▶ [Prompt]
Where a picture appears, leave it out, and print the rest of the records as they are.

####

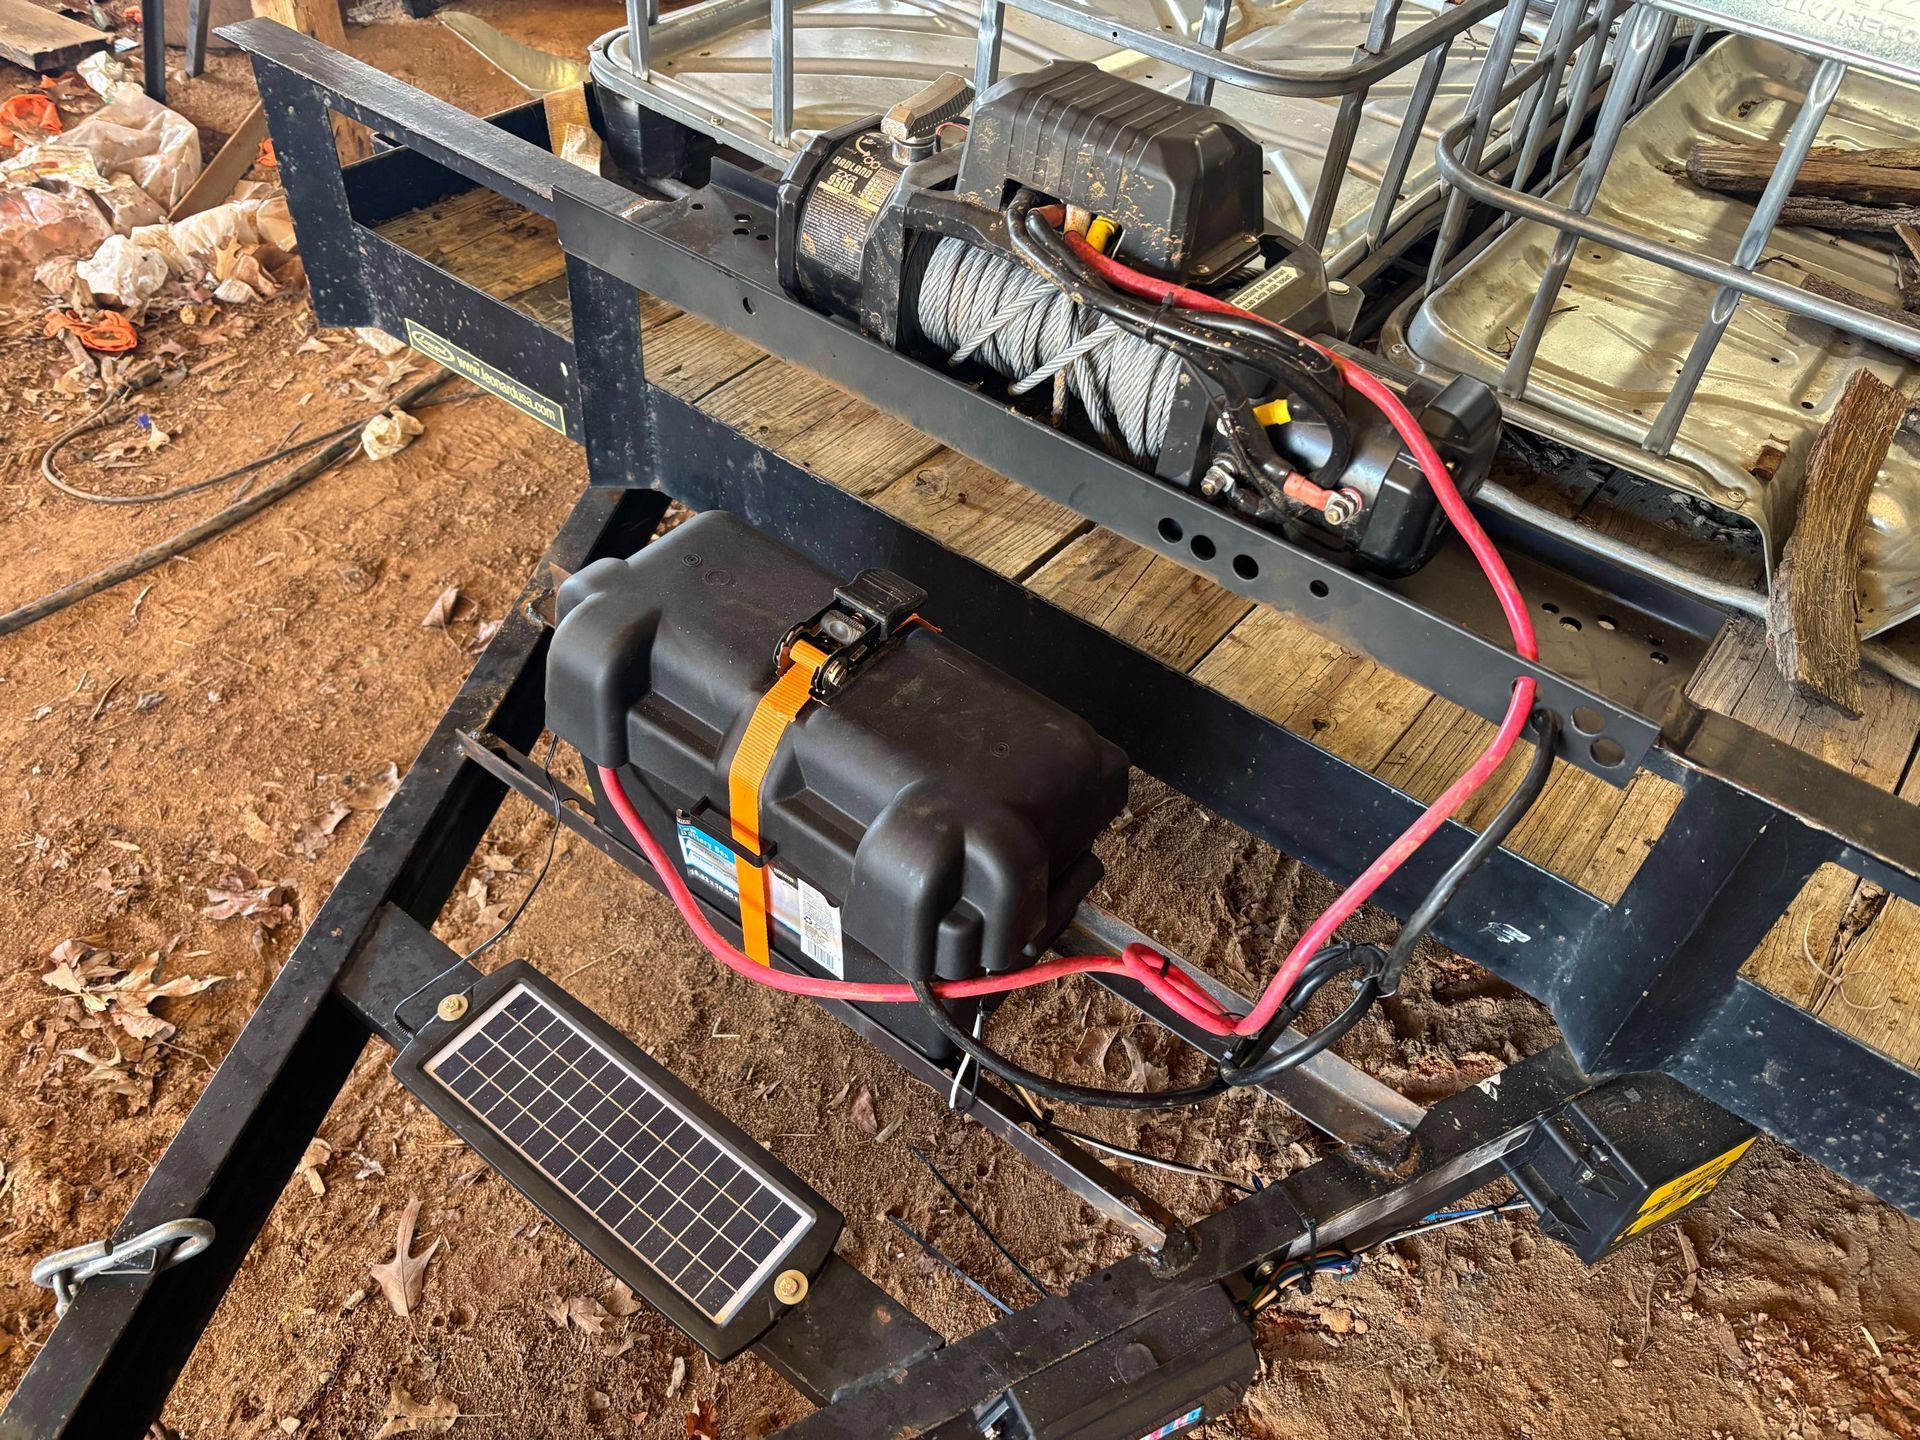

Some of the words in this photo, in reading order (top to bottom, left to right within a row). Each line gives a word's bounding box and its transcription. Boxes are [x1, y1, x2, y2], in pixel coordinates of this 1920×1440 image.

[832, 156, 873, 178] BADLAND
[834, 169, 858, 183] ZXR
[827, 175, 855, 193] 9500
[456, 356, 556, 422] www.leonardusa.com
[681, 828, 712, 850] Battery
[714, 844, 729, 859] Box
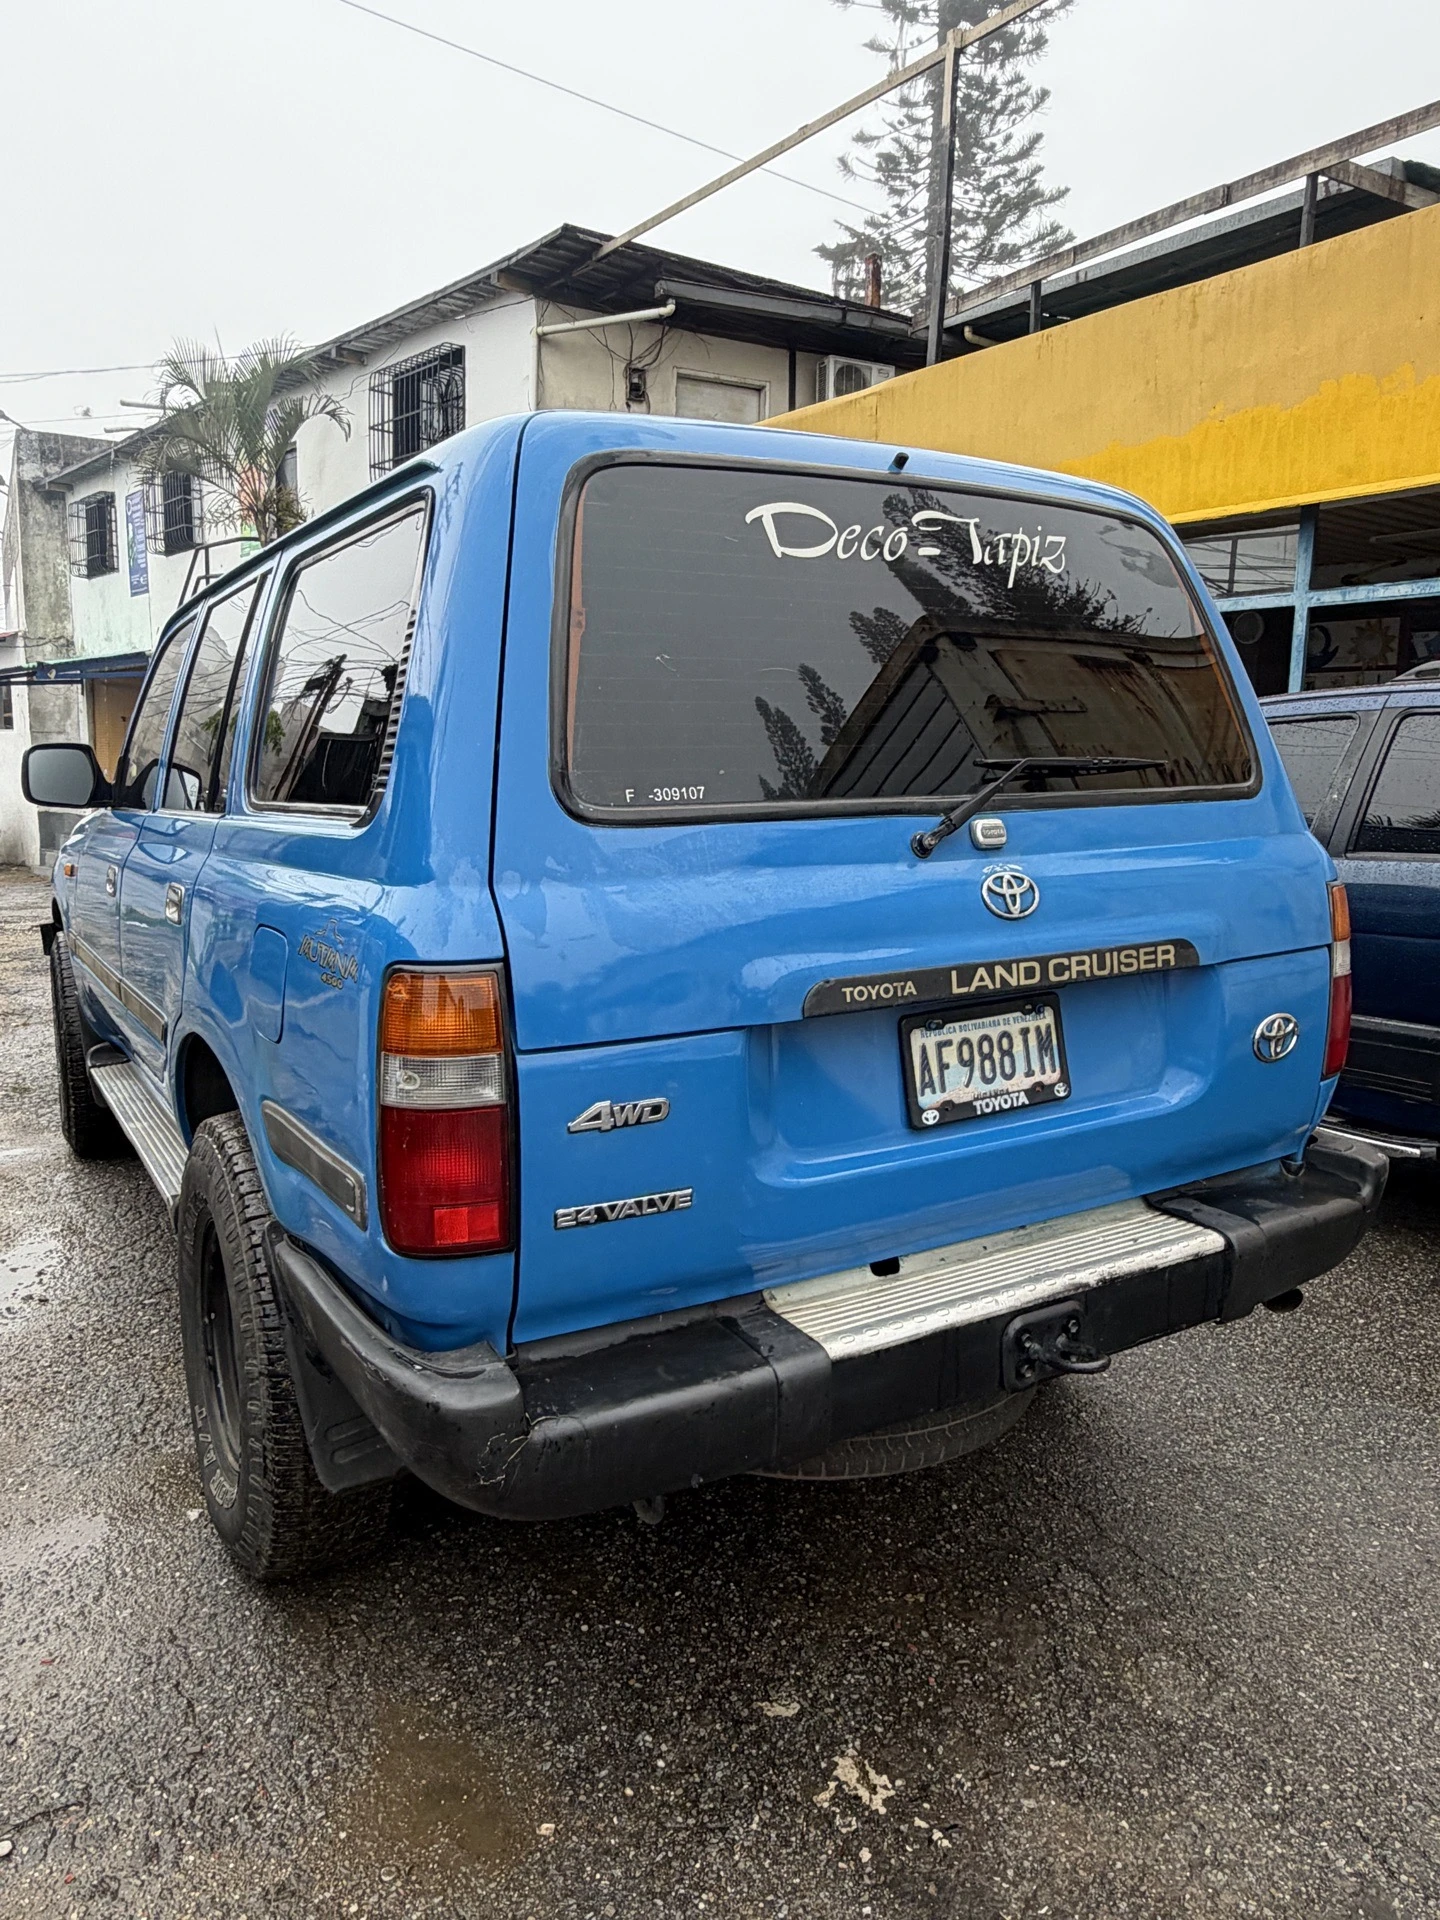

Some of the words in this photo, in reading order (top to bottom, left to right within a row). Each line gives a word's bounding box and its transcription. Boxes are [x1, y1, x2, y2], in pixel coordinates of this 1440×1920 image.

####

▶ [Exercise output]
Some of the words in this photo, in reading order (top to bottom, left to right within a row). Each line gives a word's bounding box and its transcription. Boxes are [x1, y1, x2, y2], in pixel coordinates of this 1920×1440 image.

[832, 156, 873, 178] BADLAND
[834, 169, 858, 183] ZXR
[827, 175, 855, 193] 9500
[456, 356, 556, 422] www.leonardusa.com
[681, 828, 712, 850] Battery
[714, 844, 729, 859] Box

Some of the words in this photo, in reading order (top to bottom, left to right within a row). Each line gives a word's bounding box and its transcription. Boxes are [x1, y1, x2, y2], in pixel coordinates of this 1440×1920 image.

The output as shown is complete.